Cases of dementia are expected to ‘almost triple’ in the wake of a ‘devastating’ explosion.
According to a shocking new report from the Global Burden of Disease, dementia cases are set to nearly triple globally by 2050, with the UK alone seeing a 75 percent increase in cases.
According to a study, the number of adults living with dementia is expected to nearly triple from 57 million in 2019 to 153 million in 2050.
This, according to researchers, is due to population growth and aging.
They looked at four dementia risk factors: smoking, obesity, high blood sugar, and a lack of education, as well as the impact they’ll have on future trends.
Improved global education access, for example, is expected to reduce dementia prevalence by 6.2 million cases by 2050.
However, rising obesity, high blood sugar, and smoking rates will result in an additional 6.8 million dementia cases.
According to the study, dementia cases will increase in every country, with the smallest increases expected in high-income Asia Pacific (53%) and Western Europe (74%).
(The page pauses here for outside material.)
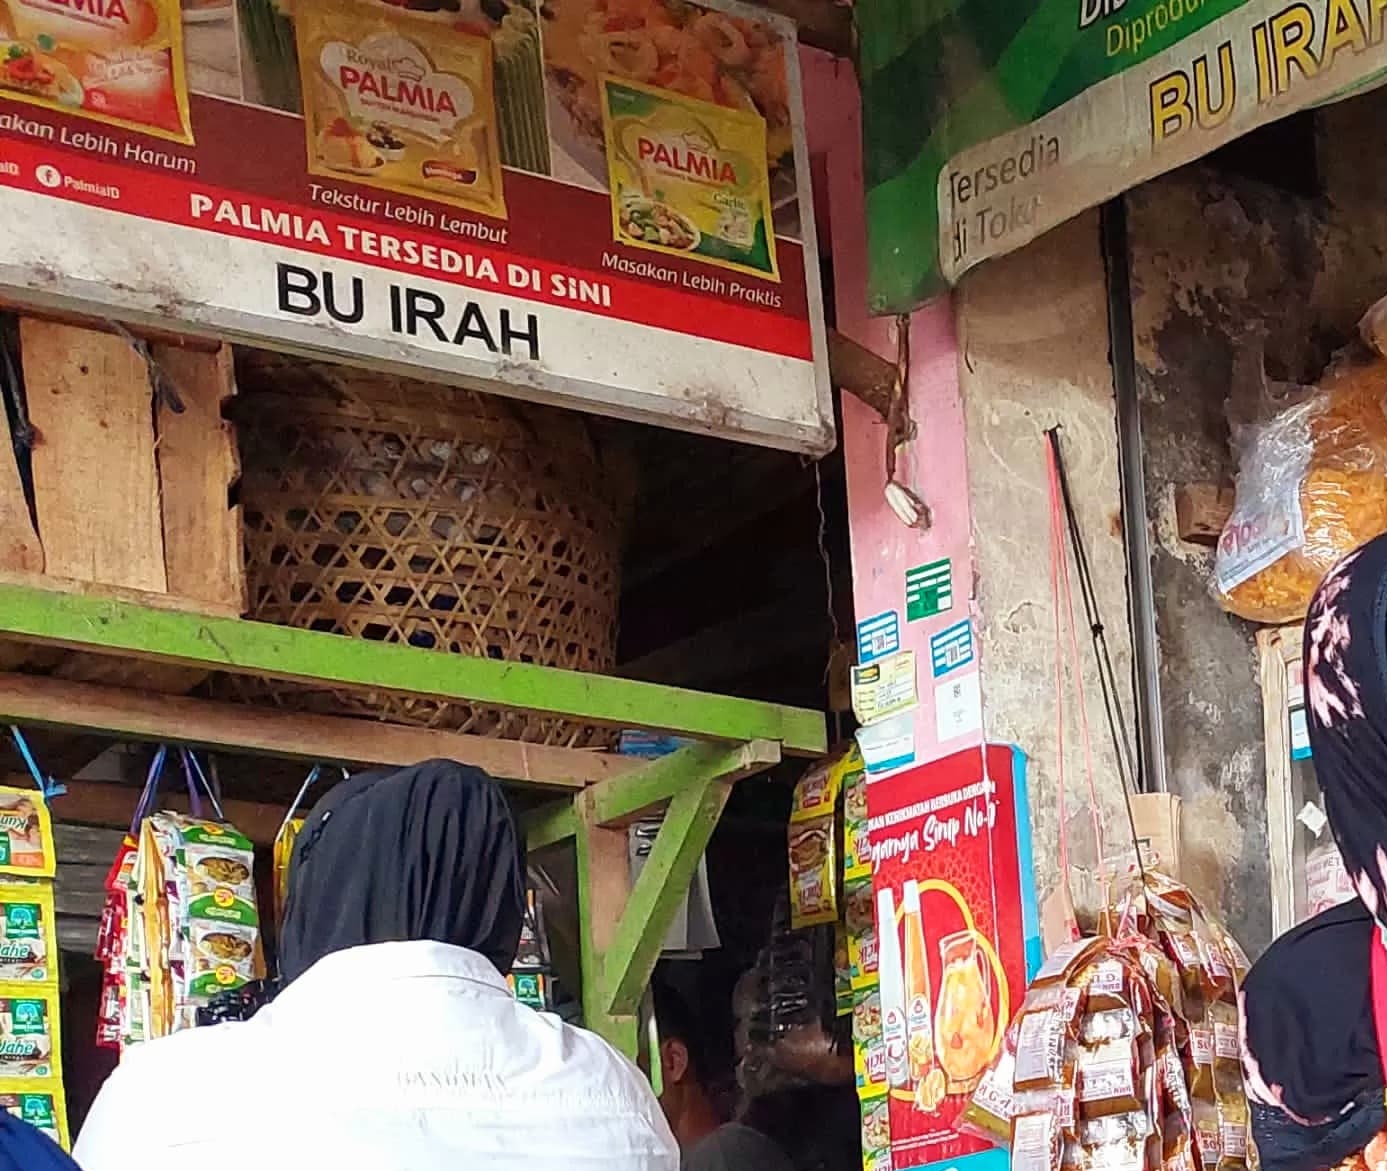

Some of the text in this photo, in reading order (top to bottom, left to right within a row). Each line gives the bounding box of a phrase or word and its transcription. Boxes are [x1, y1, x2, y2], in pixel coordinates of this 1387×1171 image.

According to projections, the fastest-growing regions will be North Africa and the Middle East (367%) and eastern Sub-Saharan Africa (357%).
Dementia cases are expected to rise by 75% in the UK, from just over 907,000 in 2019 to nearly 1.6 million in 2050.
“Dementia is our greatest long-term medical challenge,” said Hilary Evans, Chief Executive of Alzheimer’s Research UK.
These startling statistics reveal the staggering global prevalence of dementia.
There are already 57 million people living with this debilitating disease, and we need to see concerted global action to prevent this number from doubling.”
Dementia cases are expected to increase by 74% in Western Europe, from nearly eight million in 2019 to nearly 14 million in 2050.
Greece (45 percent), Italy (56 percent), Finland (58 percent), Sweden (62 percent), and Germany (65 percent) are expected to see relatively small increases in cases.
The Global Burden of Disease study, published in The Lancet Public Health, is the first to provide forecasting estimates for adults aged 40 and older in 204 countries around the world.
According to experts, improved educational access could result in six million fewer dementia cases globally by 2050.
They do warn, however, that this decrease may be temporary.